SEOUL - North Korea convicted a South Korean man of espionage and sentenced him to hard labour for life, saying he had confessed to attempting to set up an underground church, according to state media Saturday.
Prosecutors had sought a death sentence for the man, identified by the North’s official news agency KCNA as Kim Jong Uk, during Friday’s trial.

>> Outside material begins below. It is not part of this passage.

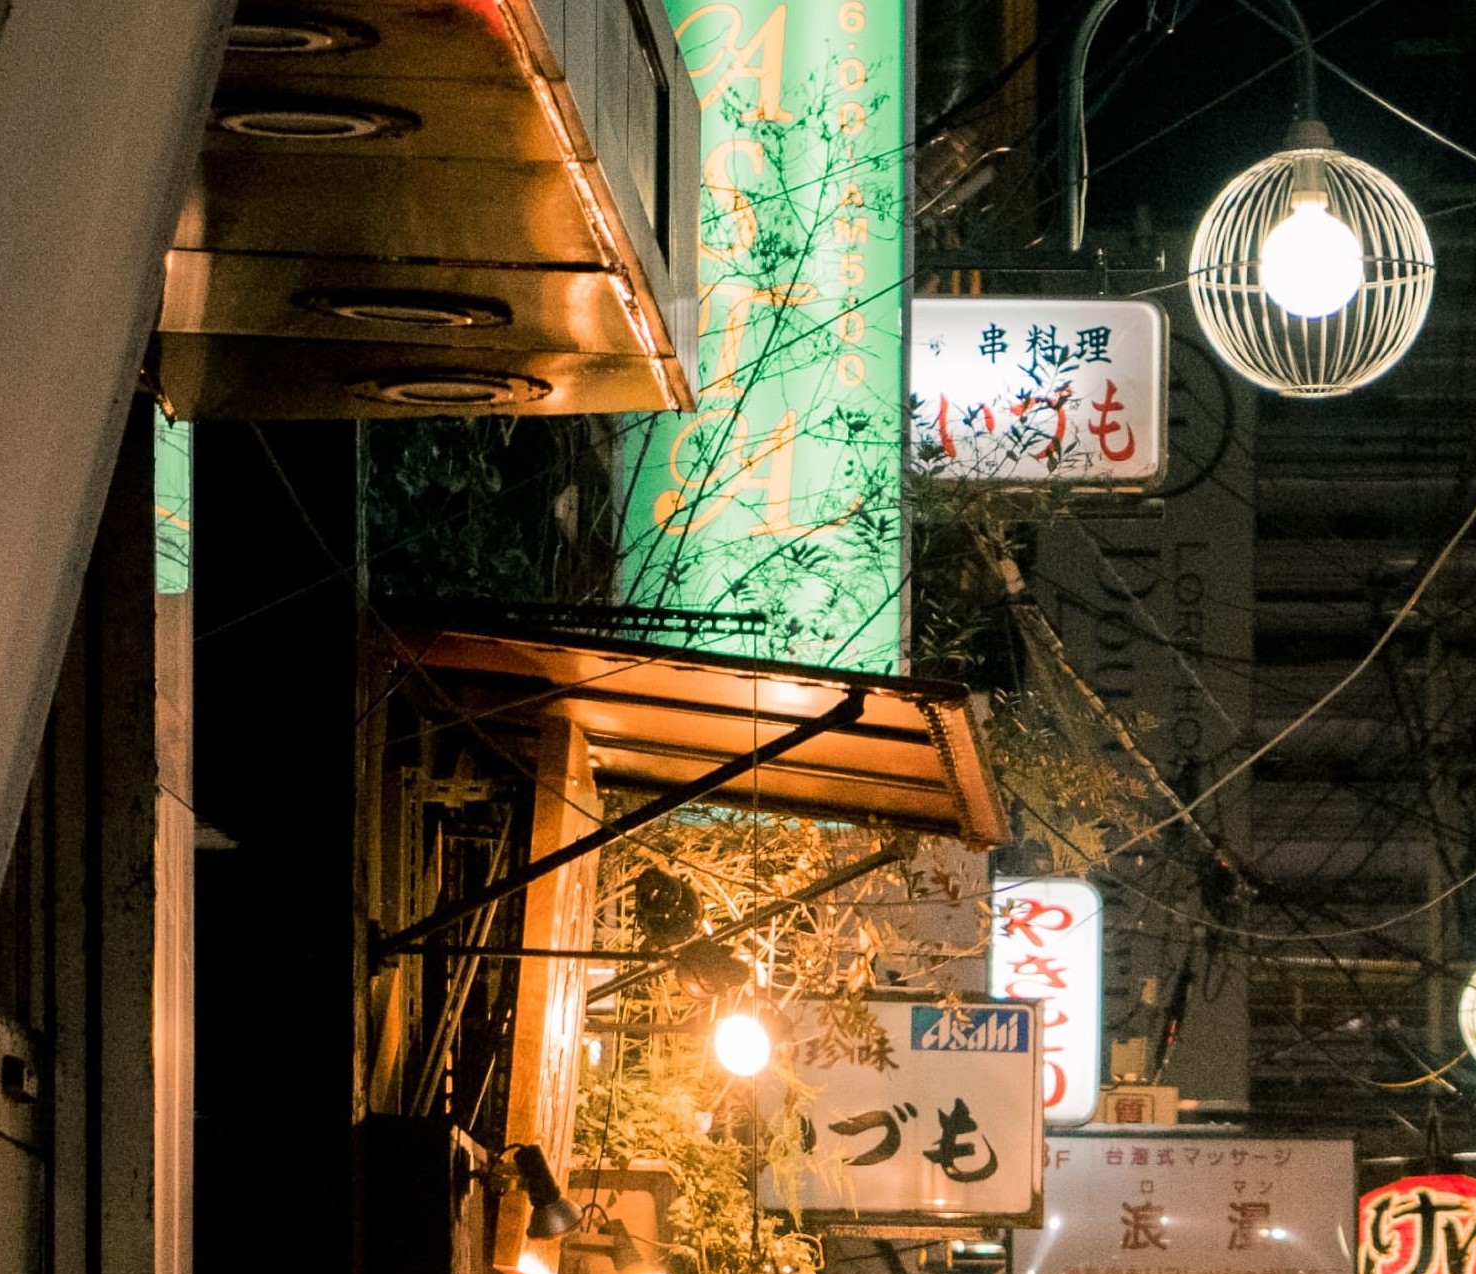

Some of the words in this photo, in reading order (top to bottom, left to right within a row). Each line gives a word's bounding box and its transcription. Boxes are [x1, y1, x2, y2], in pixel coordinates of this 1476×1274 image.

[980, 322, 1113, 365] 串料理
[920, 1008, 1019, 1052] Asahi

However, according to KCNA, Kim confessed his guilt - including state subversion, espionage, anti-state propaganda and agitation, and illegal entry into the country - and ‘sincerely repented’.

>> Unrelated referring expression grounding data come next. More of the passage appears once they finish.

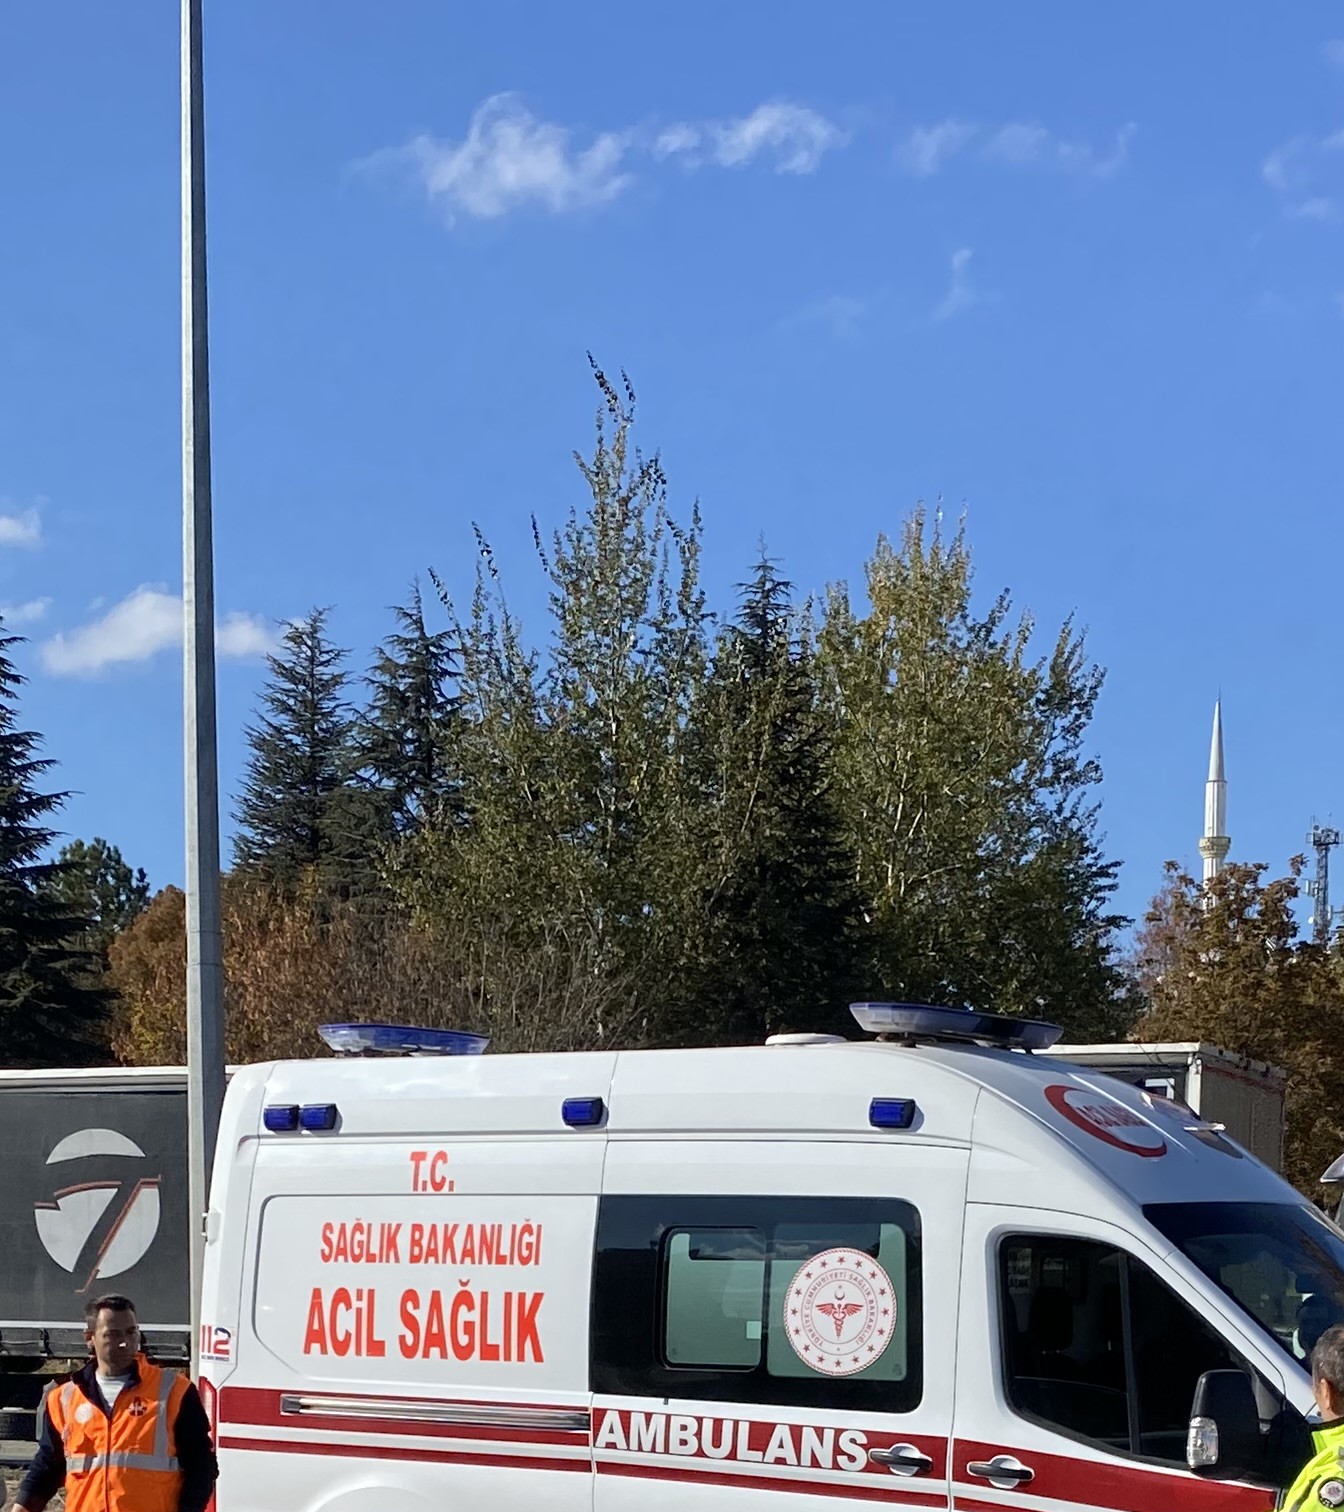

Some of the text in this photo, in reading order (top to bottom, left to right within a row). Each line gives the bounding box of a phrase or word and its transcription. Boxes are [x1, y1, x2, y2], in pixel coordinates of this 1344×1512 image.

[409, 1150, 455, 1192] T.C.
[320, 1217, 543, 1266] SAĞLIK BAKANLIĞI
[201, 1325, 232, 1355] 112
[398, 1278, 545, 1363] SAĞLIK
[594, 1409, 868, 1472] AMBULANS
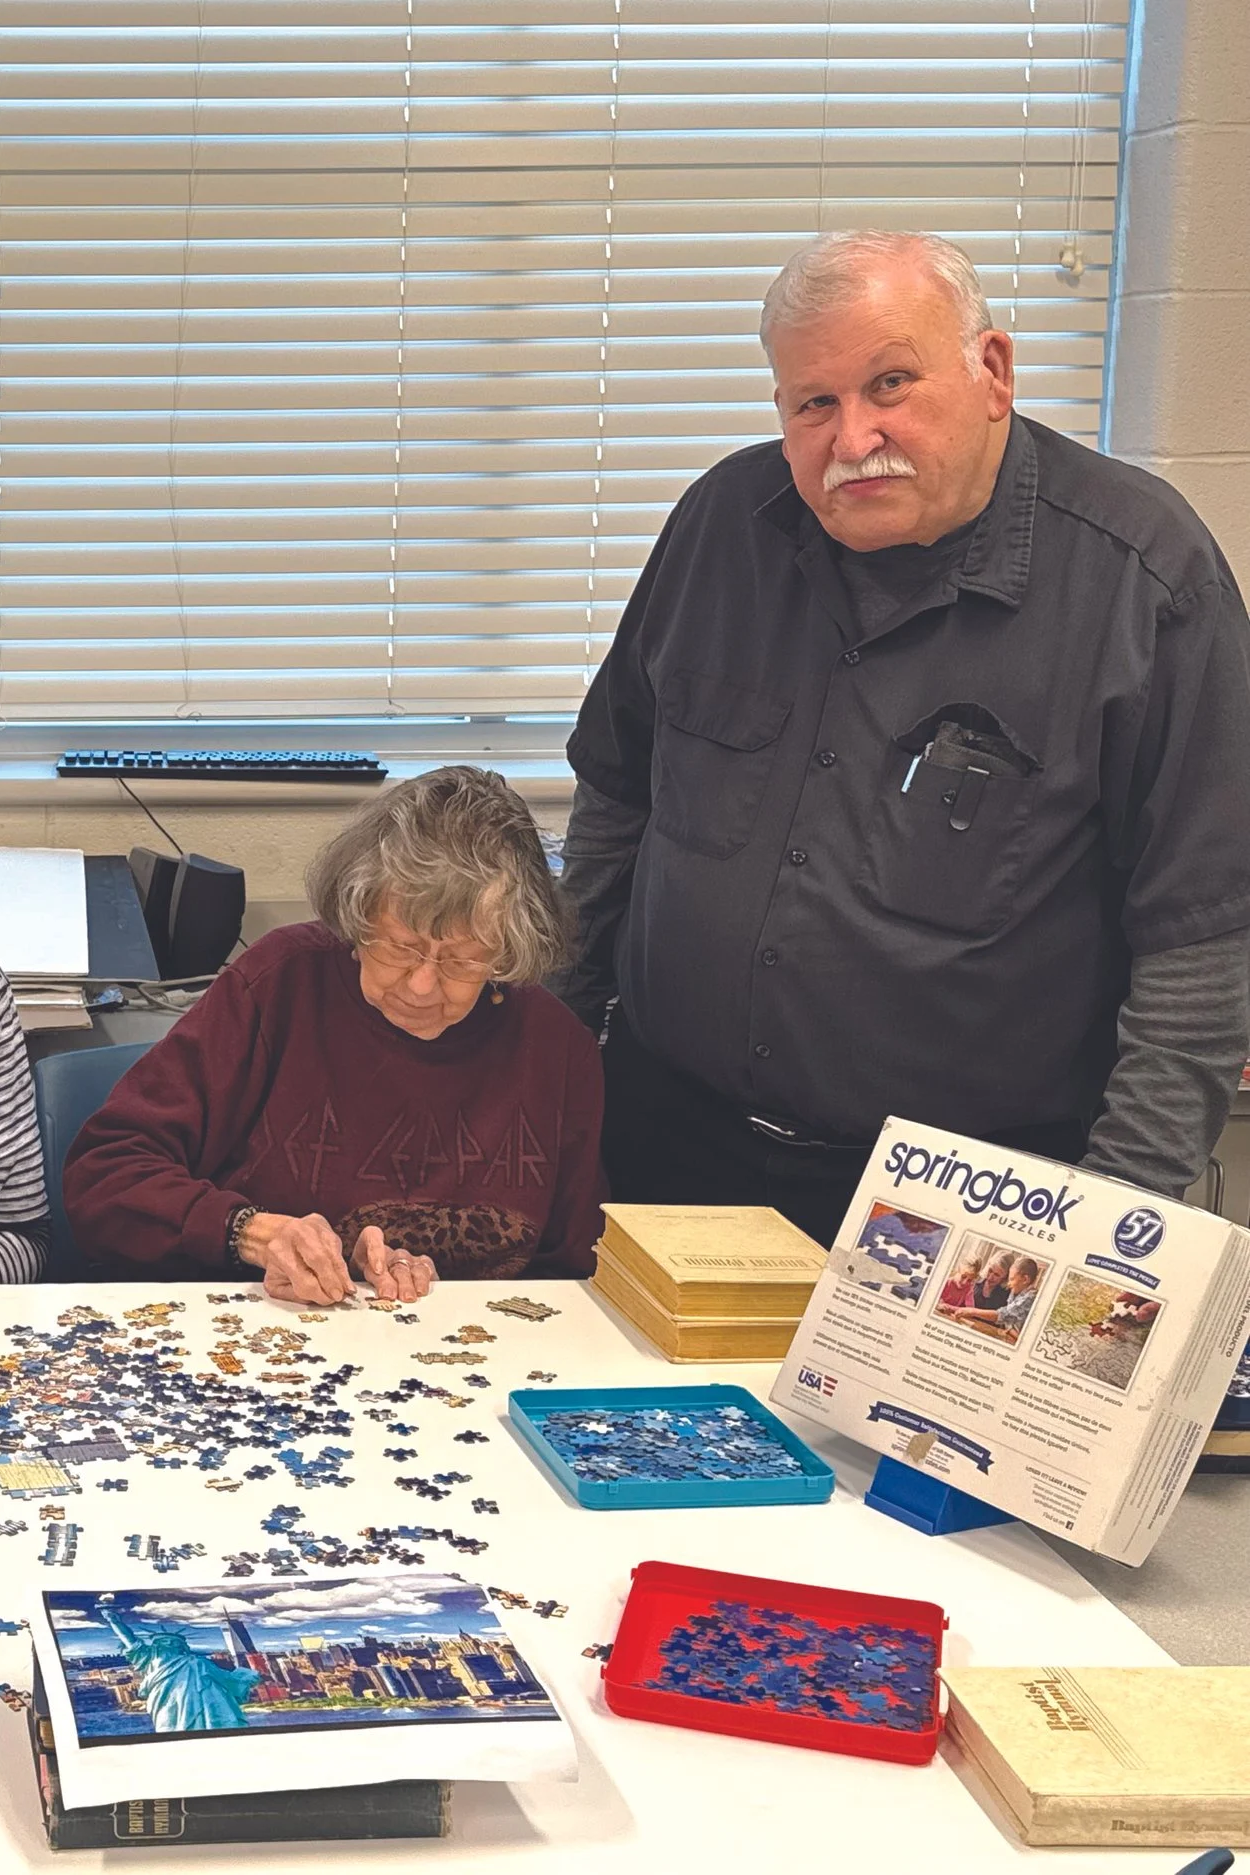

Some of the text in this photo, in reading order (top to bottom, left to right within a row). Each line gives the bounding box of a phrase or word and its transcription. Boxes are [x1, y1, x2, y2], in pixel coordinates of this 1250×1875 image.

[356, 1101, 563, 1190] LEPPAR
[885, 1141, 1080, 1231] springbok
[989, 1212, 1056, 1242] PUZZLES
[1117, 1210, 1163, 1248] 57
[798, 1368, 823, 1392] USA
[1018, 1680, 1070, 1731] Baptist
[128, 1800, 144, 1834] BAPTIS
[153, 1799, 170, 1834] HYMNA
[1110, 1820, 1175, 1834] Baptist

‘The accused admitted to all his crimes: he committed anti-DPRK religious acts, malignantly hurting the dignity of the supreme leadership of the DPRK overseas and tried to infiltrate into Pyongyang ... for the purpose of setting up underground church and gathering information about the internal affairs of the DPRK while luring its inhabitants into South Korea and spying on the DPRK,’ KCNA said in its report on the trial.
Instead of facing execution, he was sentenced to hard labour for life, the report said. US citizen Kenneth Bae, described by a North Korean court as a militant Christian evangelist, was sentenced last year to 15 year’s hard labour on charges of seeking to topple the government. Kim’s sentence comes as military tensions between the two Koreas have been elevated for several months.
This week, North Korea warned that recent ‘provocative’ activities by US troops at a truce village on the heavily fortified inter-Korean border could lead to a ‘catastrophic’ military clash. Earlier this month Seoul said a North Korean warship fired shells near one of its naval corvettes and denounced Pyongyang’s denial as a ‘blatant lie’.